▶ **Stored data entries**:
Content starts

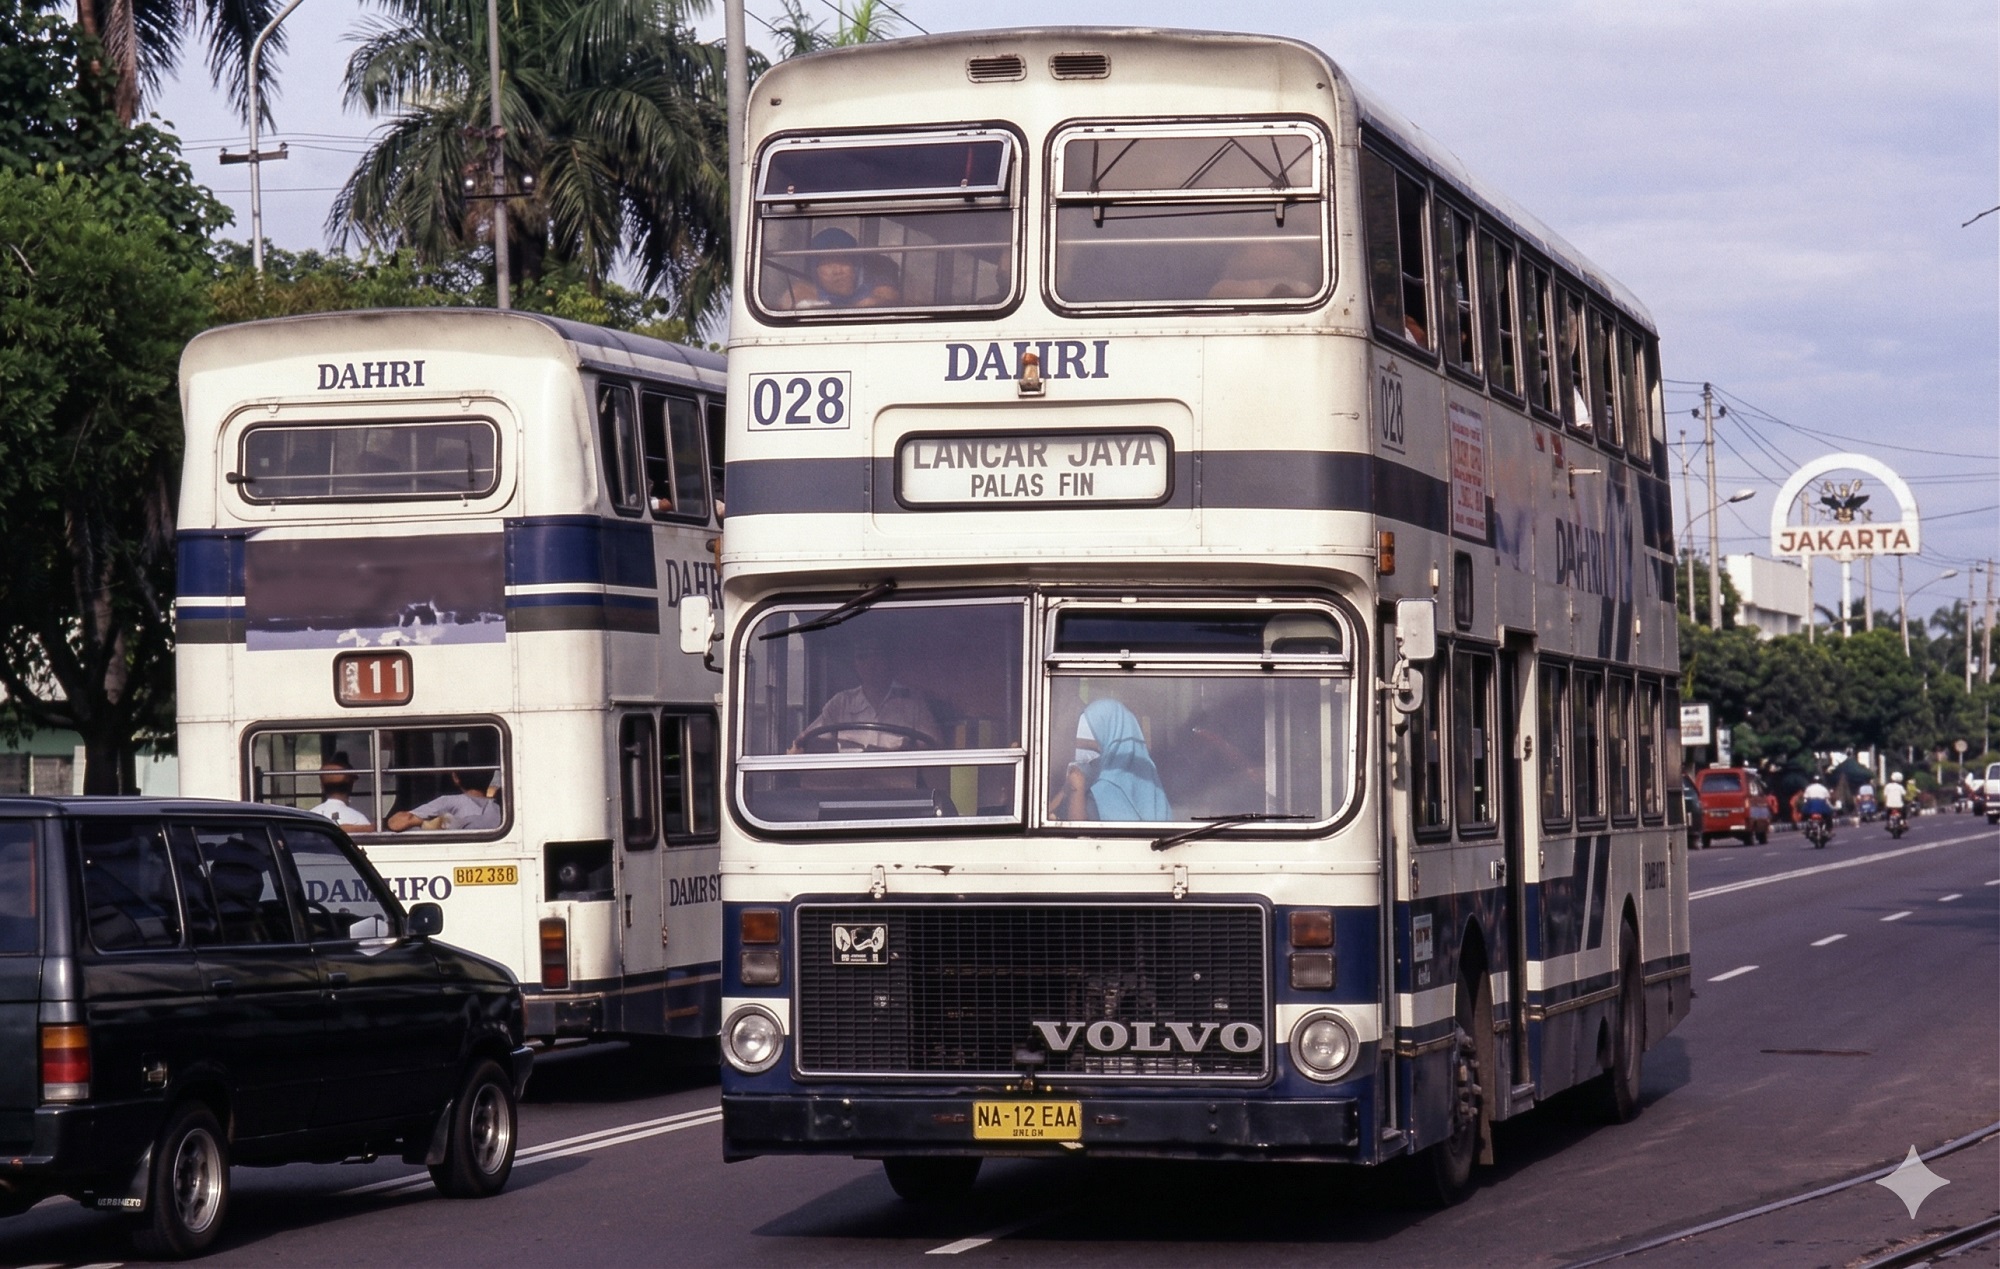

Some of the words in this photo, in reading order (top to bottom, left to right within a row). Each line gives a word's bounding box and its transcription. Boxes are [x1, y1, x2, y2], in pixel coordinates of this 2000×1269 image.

[317, 360, 426, 390] DAHRI
[944, 340, 1110, 381] DAHRI
[753, 376, 845, 426] 028
[1381, 375, 1404, 445] 028
[913, 440, 1048, 469] LANCAR
[1067, 437, 1156, 467] JAYA
[971, 473, 1044, 498] PALAS
[1059, 472, 1094, 496] FIN
[1780, 528, 1911, 552] JAKARTA
[1032, 1020, 1263, 1053] VOLVO
[1042, 1105, 1077, 1128] EAA
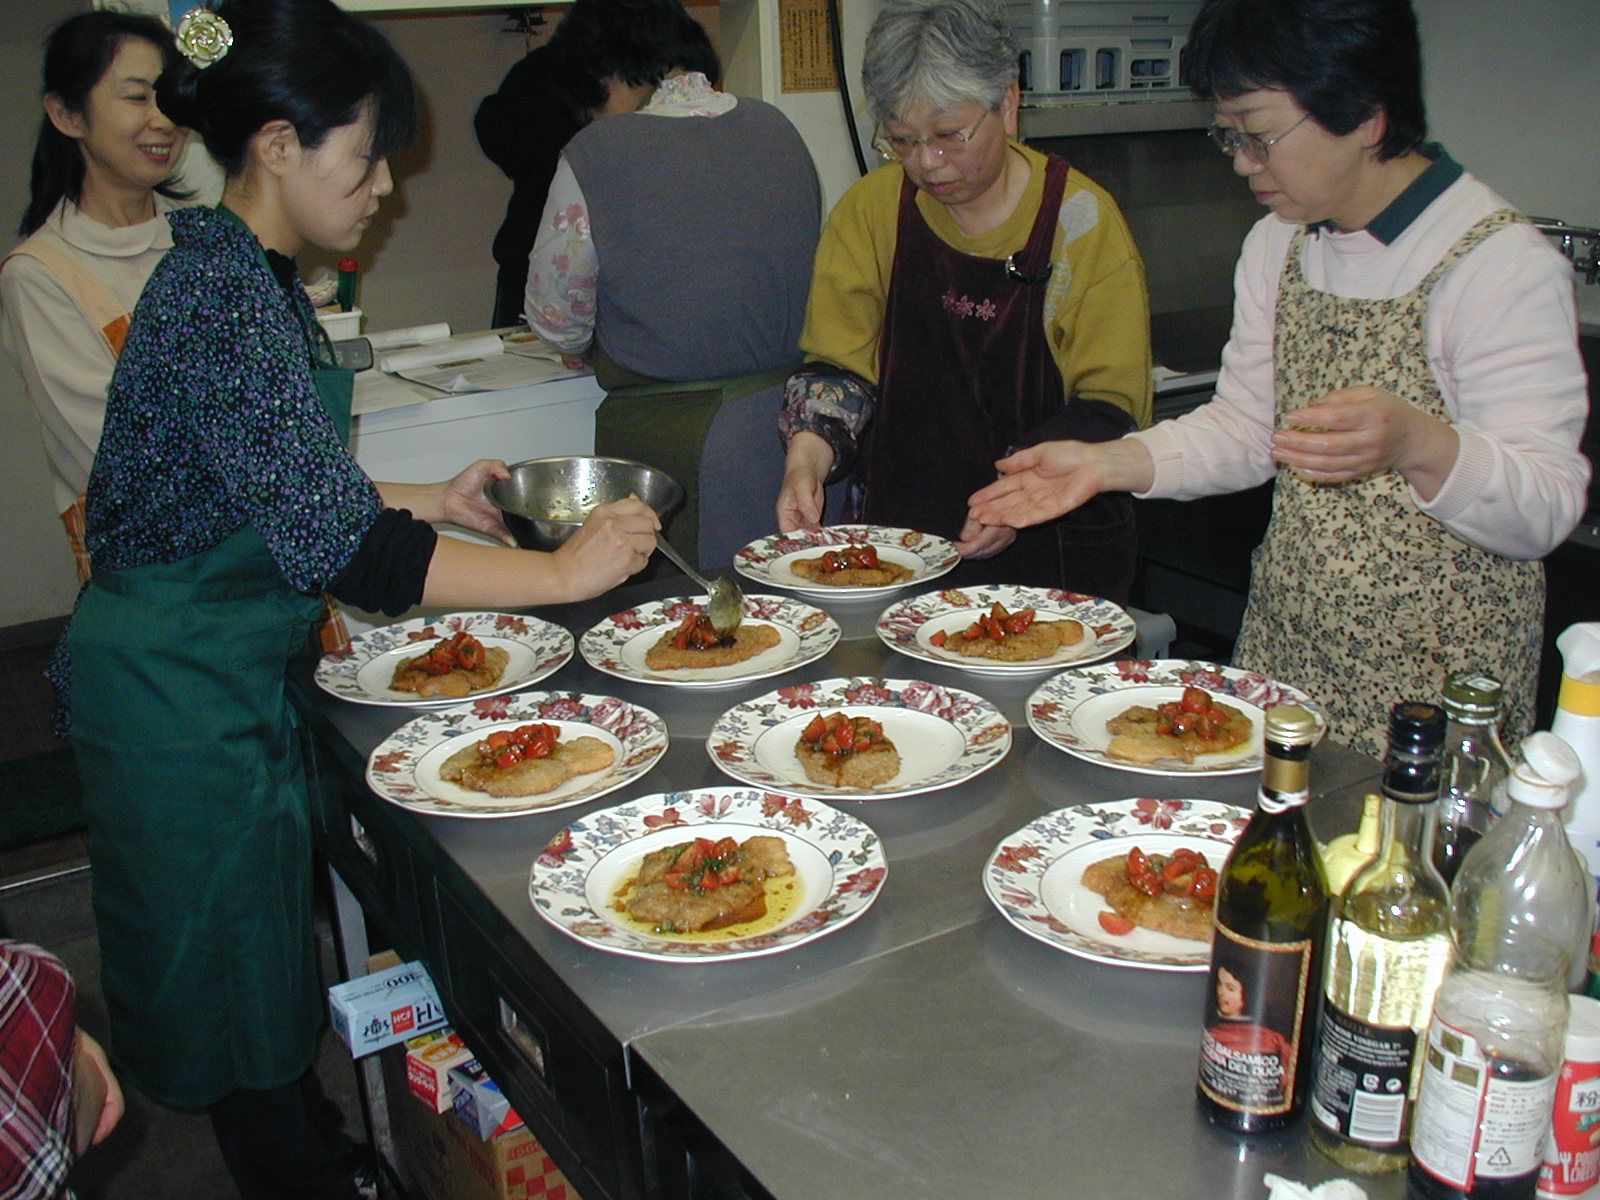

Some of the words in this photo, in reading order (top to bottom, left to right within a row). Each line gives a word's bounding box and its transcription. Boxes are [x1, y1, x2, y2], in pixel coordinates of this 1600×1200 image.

[1353, 1033, 1391, 1049] VINEGAR
[1214, 1041, 1279, 1066] BALSAMICO
[1227, 1058, 1250, 1075] DEL
[1252, 1064, 1285, 1077] DUCA
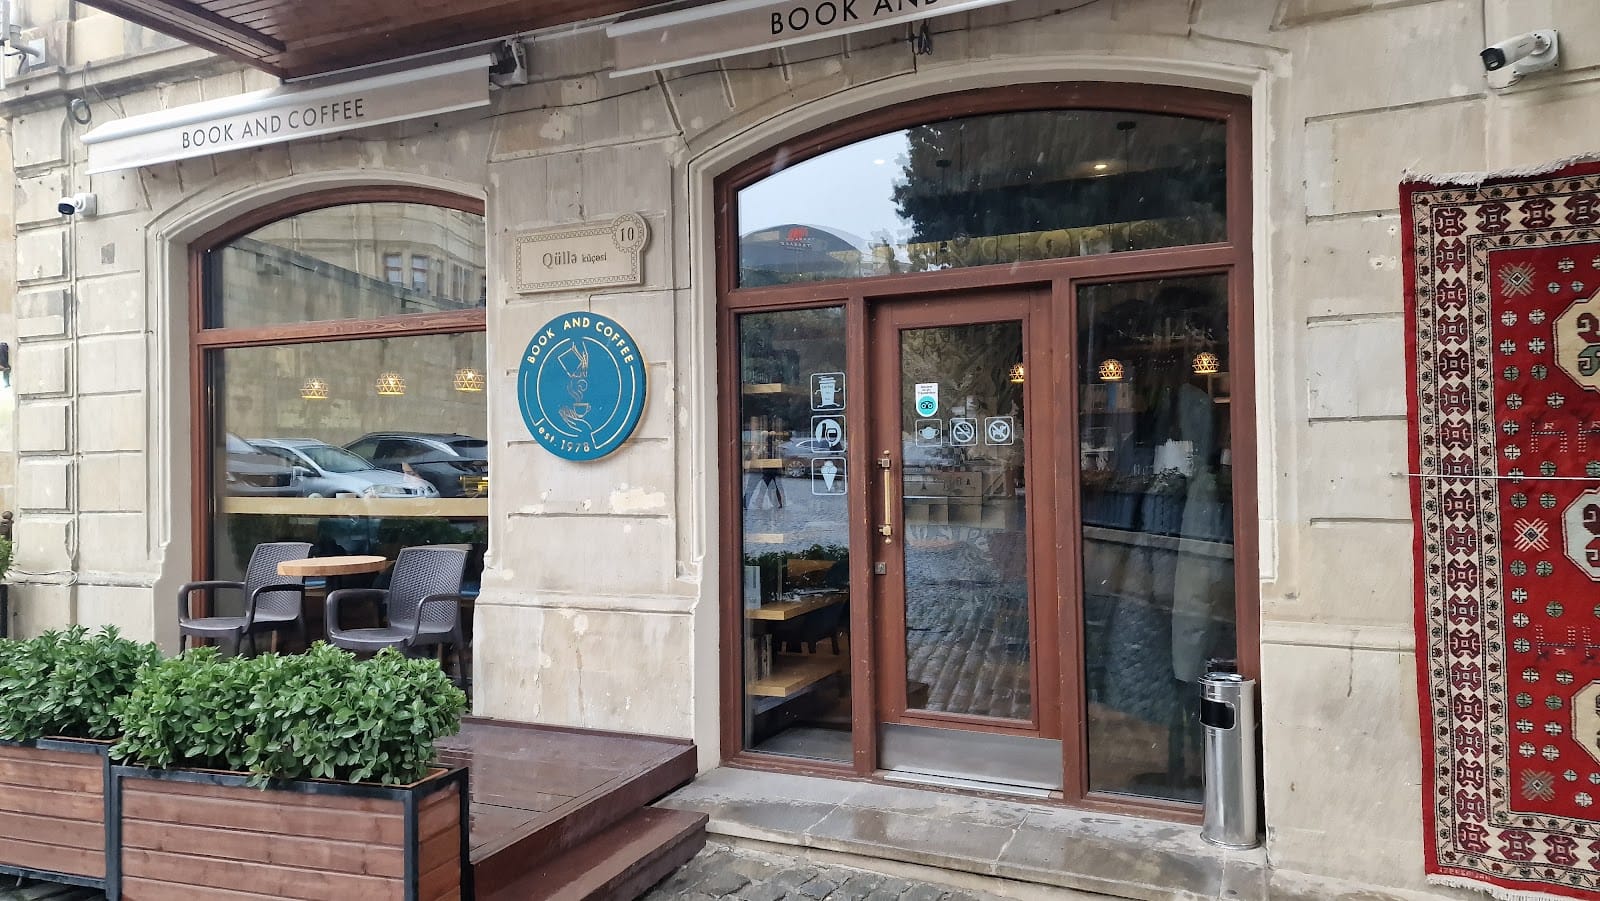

Content ends

▶ **Aim of the exercise**: Each line of the data should be quoted exactly, with pictures left out.

▶ **Final answer**:
Some of the words in this photo, in reading order (top to bottom, left to right within a row). Each line gives a word's bounding box and its transcription. Boxes are [x1, y1, x2, y2], in pixel coordinates of this 2000×1269 image.

[317, 360, 426, 390] DAHRI
[944, 340, 1110, 381] DAHRI
[753, 376, 845, 426] 028
[1381, 375, 1404, 445] 028
[913, 440, 1048, 469] LANCAR
[1067, 437, 1156, 467] JAYA
[971, 473, 1044, 498] PALAS
[1059, 472, 1094, 496] FIN
[1780, 528, 1911, 552] JAKARTA
[1032, 1020, 1263, 1053] VOLVO
[1042, 1105, 1077, 1128] EAA

Some of the words in this photo, in reading order (top to bottom, left to right within a row). Each line gives a word's bounding box and its transcription. Boxes are [x1, y1, x2, y2], in pixel coordinates of this 1600×1200 image.

[1353, 1033, 1391, 1049] VINEGAR
[1214, 1041, 1279, 1066] BALSAMICO
[1227, 1058, 1250, 1075] DEL
[1252, 1064, 1285, 1077] DUCA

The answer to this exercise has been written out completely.